Methods: Human pancreatic carcinoma cell lines (Panc-1 and MIA PaCa-2), normal human pancreatic ductal epithelial cells (HPDE), and human umbilical vein endothelial cells (HUVECs) were cultured. Human pancreatic adenocarcinoma tissue specimens were also studied. Expression levels of NRPs, VEGFRs, and VEGF were determined by real-time polymerase chain reaction analysis and immunostaining. Cell proliferation was examined using a [3H]thymidine incorporation assay.
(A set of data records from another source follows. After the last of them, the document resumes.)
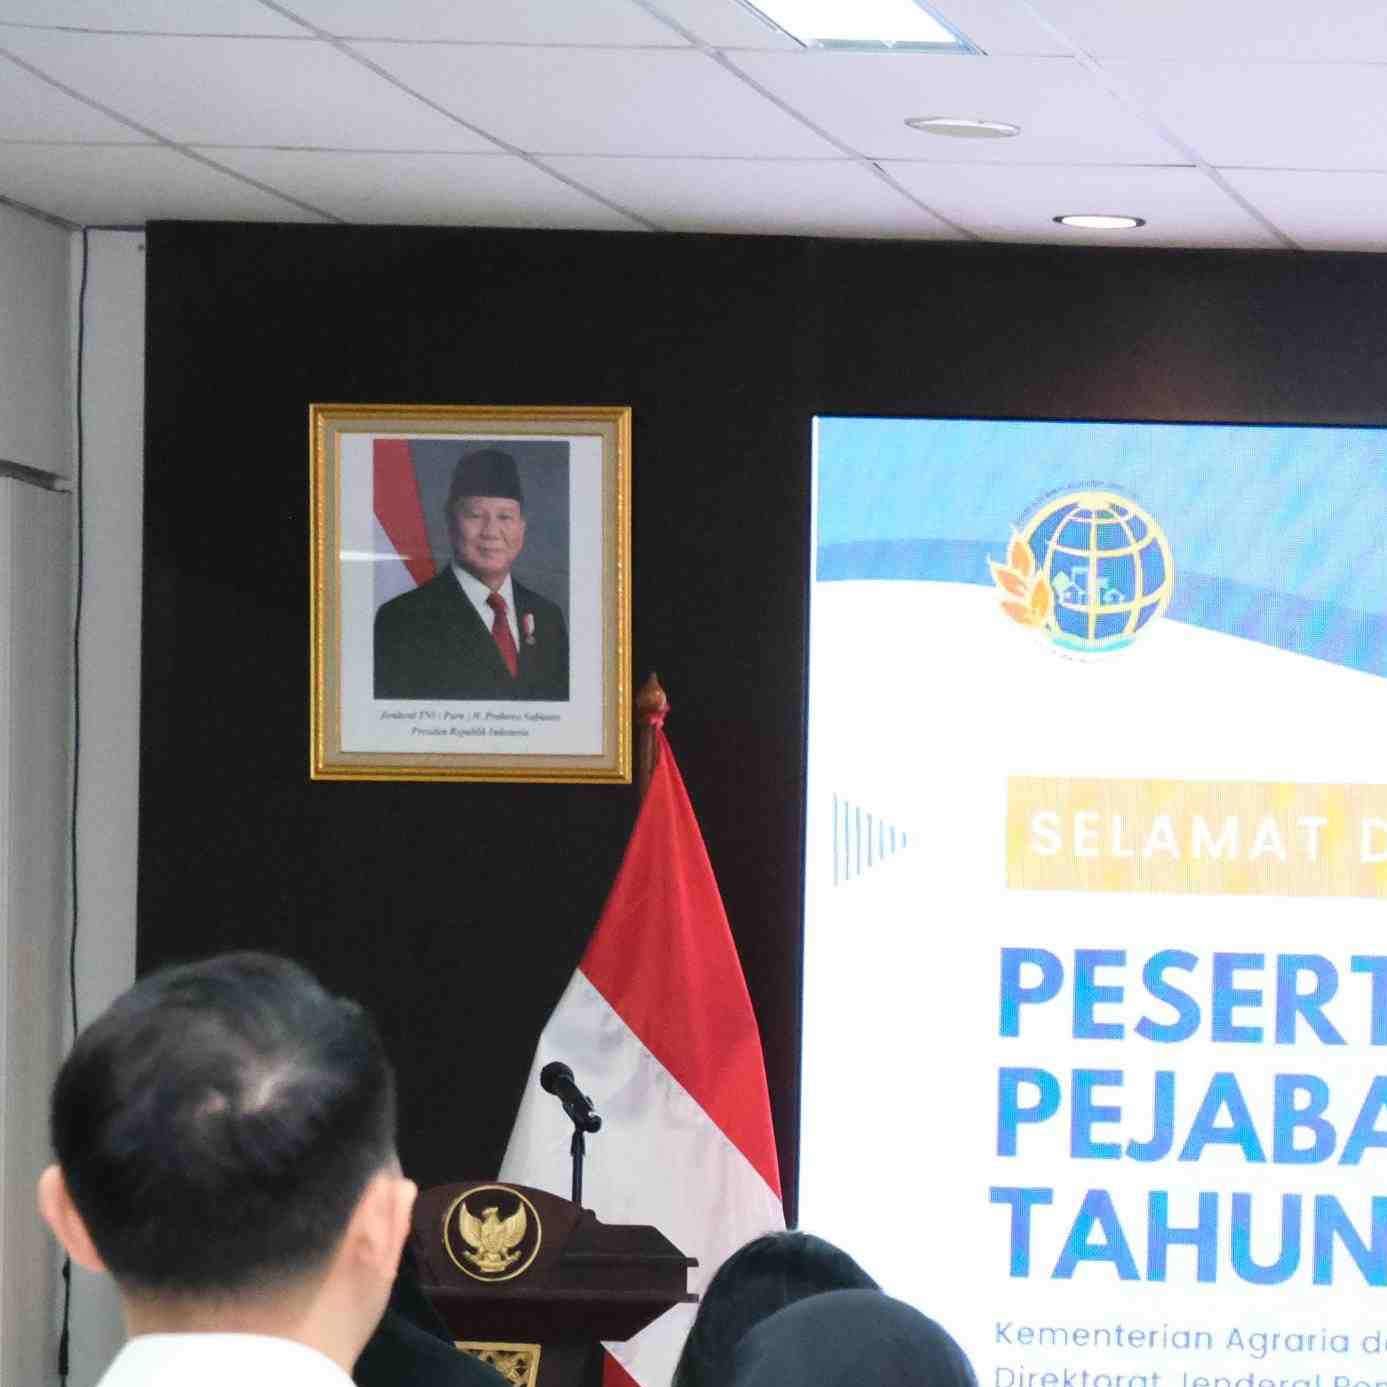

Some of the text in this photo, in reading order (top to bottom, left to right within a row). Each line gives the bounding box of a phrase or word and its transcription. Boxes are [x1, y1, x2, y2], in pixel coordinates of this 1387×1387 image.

[1030, 810, 1329, 861] SELAMAT
[995, 1321, 1214, 1351] Kementerian
[1226, 1328, 1351, 1358] Agraria
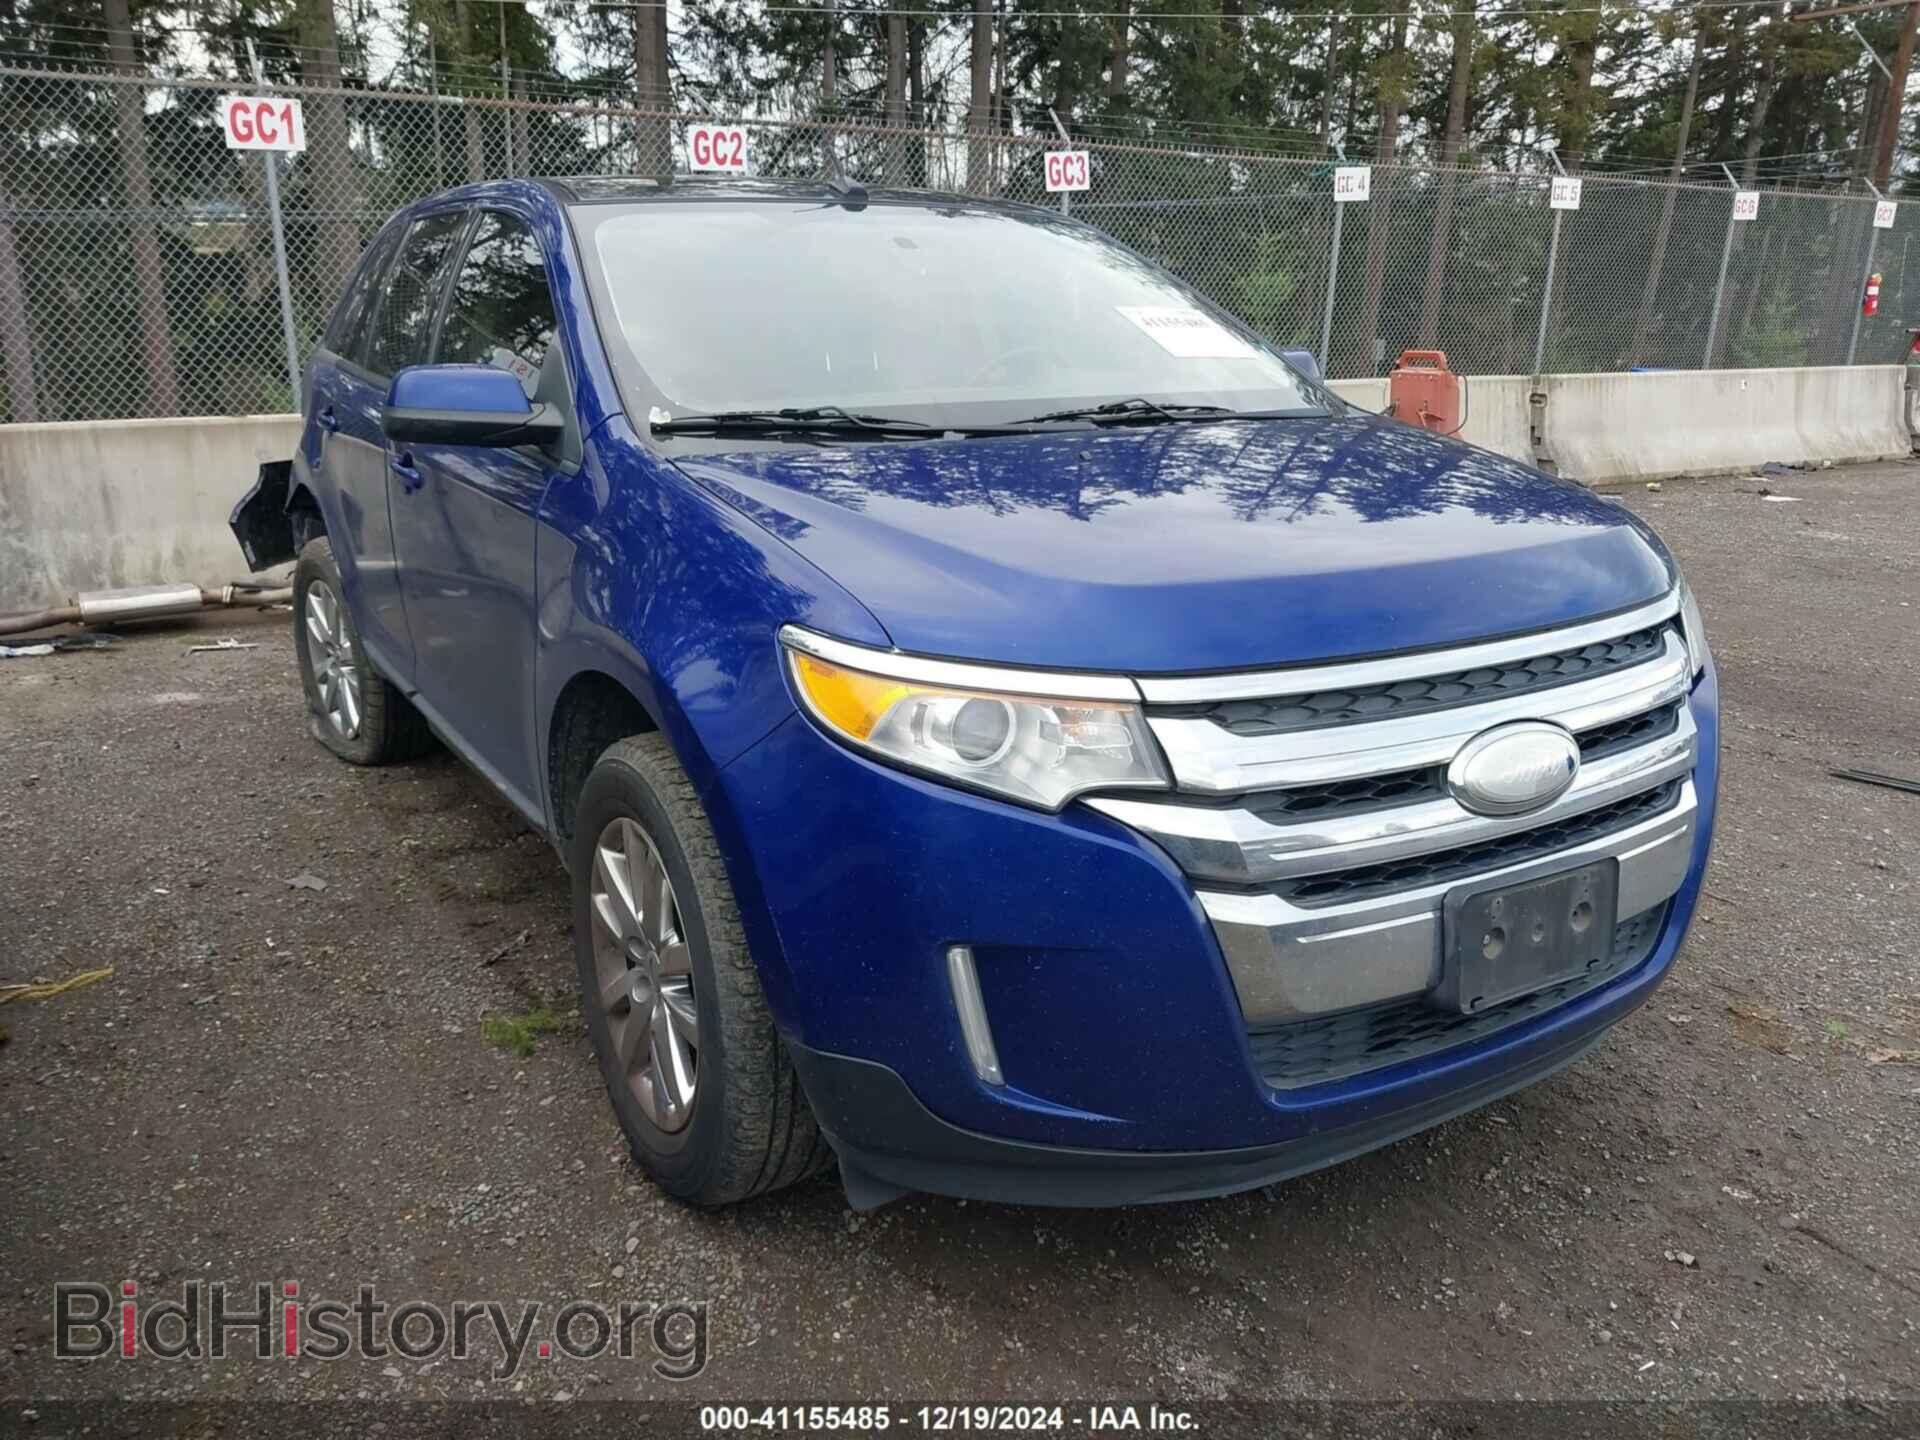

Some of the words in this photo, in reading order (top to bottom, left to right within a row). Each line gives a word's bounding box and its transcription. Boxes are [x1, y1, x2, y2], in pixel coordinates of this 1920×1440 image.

[229, 102, 295, 144] GC1
[694, 130, 743, 166] GC2
[1048, 155, 1086, 186] GC3
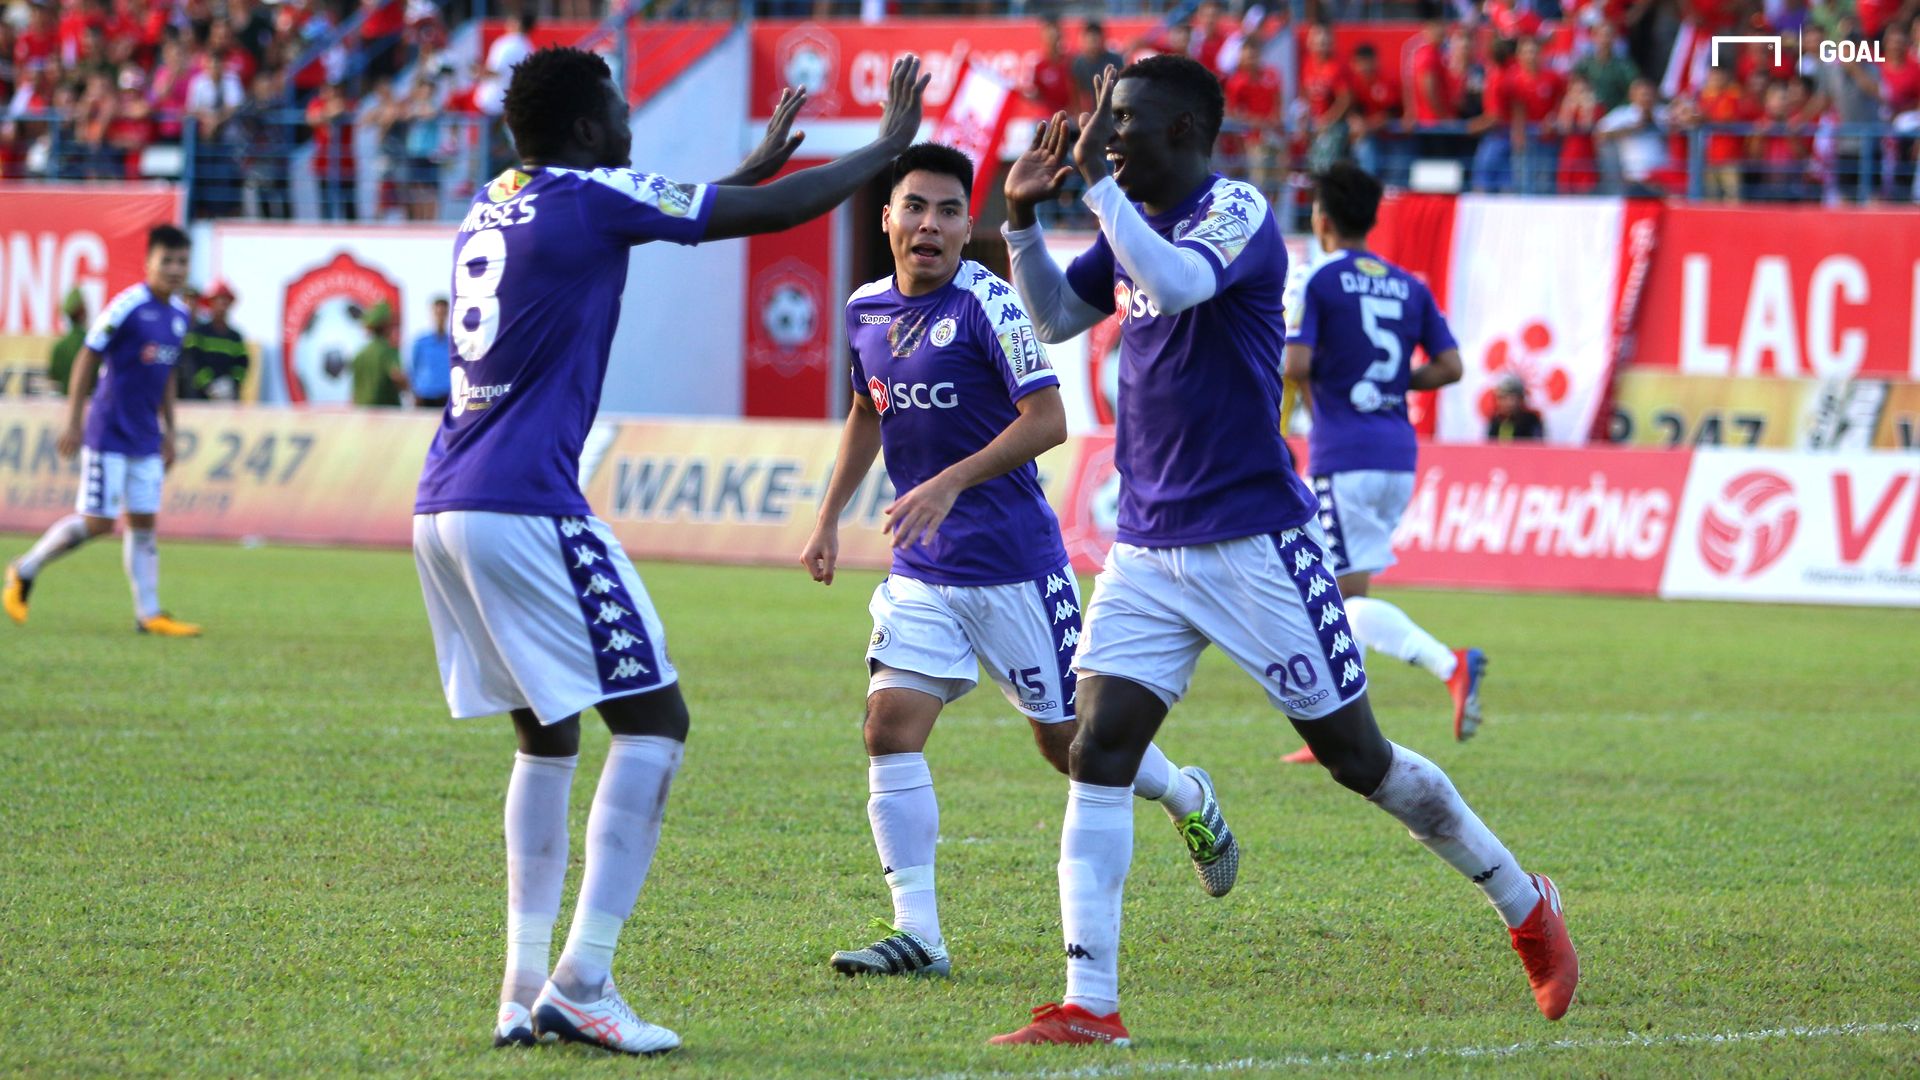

Results: Both NRP-1 and NRP-2 were expressed in Panc-1 cells, HPDE cells, and HUVECs but were expressed minimally in MIA PaCa-2 cells. Panc-1 expressed 30 times more NRP-1 mRNA than NRP-2 mRNA. NRP-1 levels in Panc-1 cells were 5.3 times higher than in HPDE cells but were similar to NRP-1 levels in HUVECs. NRP-2 levels in Panc-1 cells were similar to NRP-2 levels in HPDE cells but lower than NRP-2 levels in HUVECs. Expression of all three VEGFRs was observed only in HUVECs. However, VEGF mRNA was detected in all cell types except for HUVECs. NRP-1 immunoreactivity levels were much higher than NRP-2 immunoreactivity levels in Panc-1 and human pancreatic adenocarcinoma tissue specimens, whereas VEGFRs were not detected in either of these two settings. In response to VEGF165, [3H]thymidine incorporation in Panc-1 cells increased significantly (by 61%; P < 0.01). A monoclonal antibody against human NRP-1 significantly blocked VEGF-induced cell proliferation in Panc-1 cells.
Conclusions: The pancreatic carcinoma cell line Panc-1 and adenocarcinoma tissue specimens expressed high levels of NRP-1 and VEGF, but not VEGFRs, and exogenous VEGF significantly increased NRP-1-mediated, but not VEGFR-mediated, Panc-1 cell proliferation. These data suggested that NRP-1 may be involved in the pathogenesis of pancreatic carcinoma.